(WORK ORDER)
Below this line is a listing that includes pictures. Copy exactly, and only, the lines from the one containing "Some of the text" through the one containing "this 1280×1707 image."; the pictures do not go in the copy.

(DATA SUPPLIED)
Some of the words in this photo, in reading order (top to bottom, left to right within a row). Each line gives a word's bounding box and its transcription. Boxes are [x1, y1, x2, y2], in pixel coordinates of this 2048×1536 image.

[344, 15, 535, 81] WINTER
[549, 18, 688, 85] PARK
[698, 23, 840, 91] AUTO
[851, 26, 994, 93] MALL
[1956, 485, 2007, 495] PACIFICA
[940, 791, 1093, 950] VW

* * *

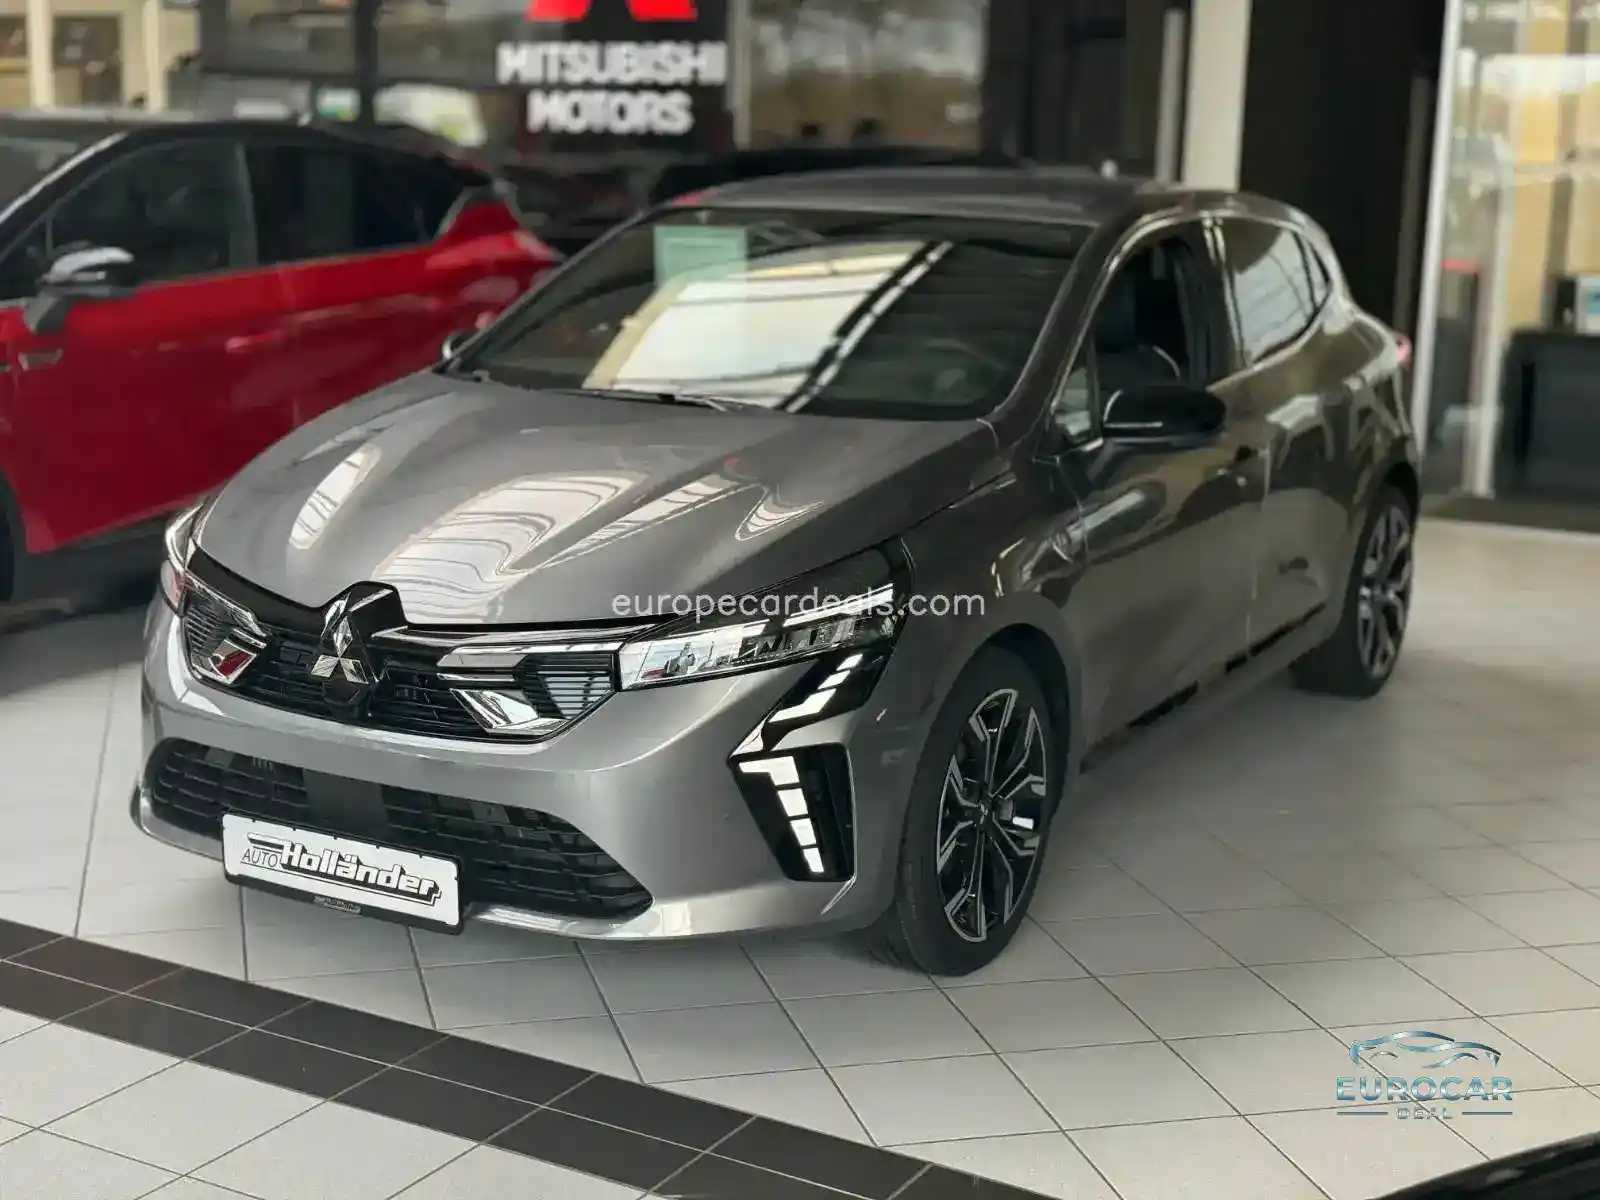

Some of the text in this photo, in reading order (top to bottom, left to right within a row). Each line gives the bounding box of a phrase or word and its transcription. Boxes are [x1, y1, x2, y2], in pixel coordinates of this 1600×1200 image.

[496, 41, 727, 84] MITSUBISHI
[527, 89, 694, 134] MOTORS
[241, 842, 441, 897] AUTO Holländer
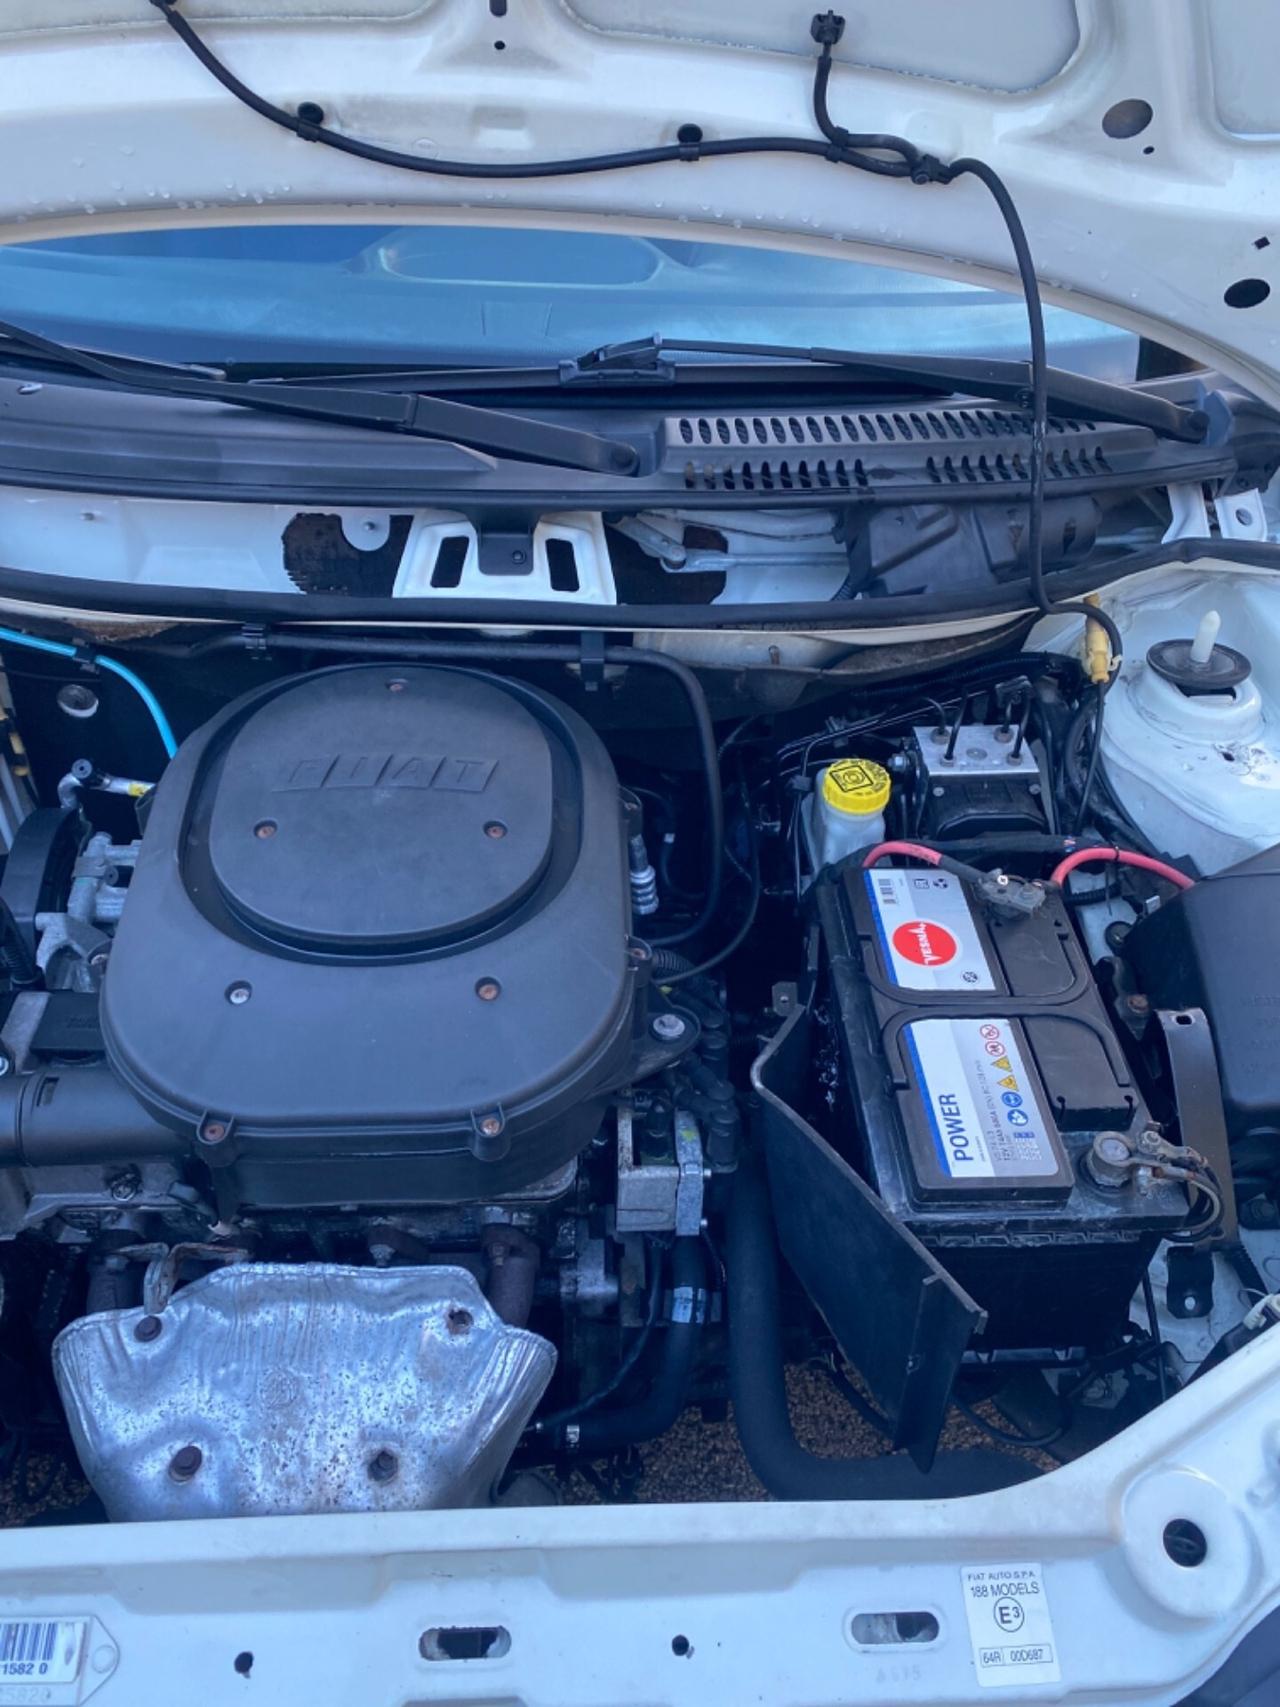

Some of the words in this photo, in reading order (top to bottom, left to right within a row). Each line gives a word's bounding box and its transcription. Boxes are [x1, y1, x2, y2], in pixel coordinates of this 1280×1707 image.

==

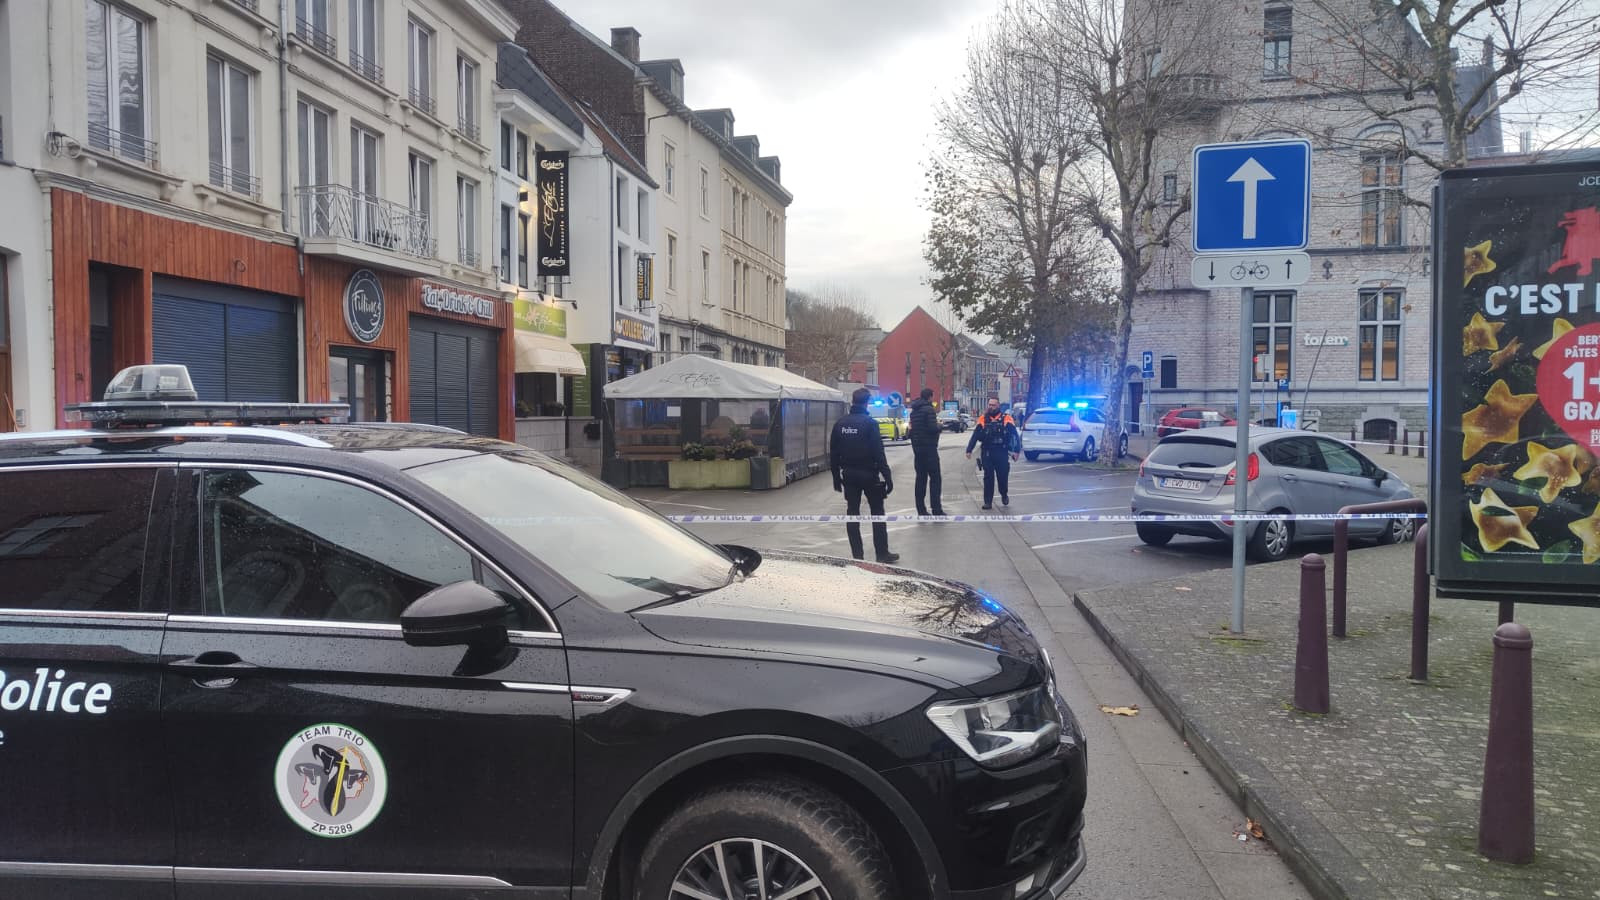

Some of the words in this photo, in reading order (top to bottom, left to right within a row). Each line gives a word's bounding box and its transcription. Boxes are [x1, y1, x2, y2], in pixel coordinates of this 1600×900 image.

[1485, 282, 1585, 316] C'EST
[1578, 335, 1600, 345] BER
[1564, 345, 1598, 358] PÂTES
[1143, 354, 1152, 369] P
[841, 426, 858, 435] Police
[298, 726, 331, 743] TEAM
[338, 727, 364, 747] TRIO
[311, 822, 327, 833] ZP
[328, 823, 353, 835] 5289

(WRITTEN RESPONSE)
Some of the text in this photo, in reading order (top to bottom, left to right within a row). Each line gives the bounding box of a phrase or word and its transcription. Boxes are [x1, y1, x2, y2], in pixel coordinates of this 1600×1200 image.

[496, 41, 727, 84] MITSUBISHI
[527, 89, 694, 134] MOTORS
[241, 842, 441, 897] AUTO Holländer

Some of the words in this photo, in reading order (top to bottom, left to right within a row). Each line gives a word's bounding box and its transcription. Boxes are [x1, y1, x2, y2], in pixel coordinates of this 1280×1707 image.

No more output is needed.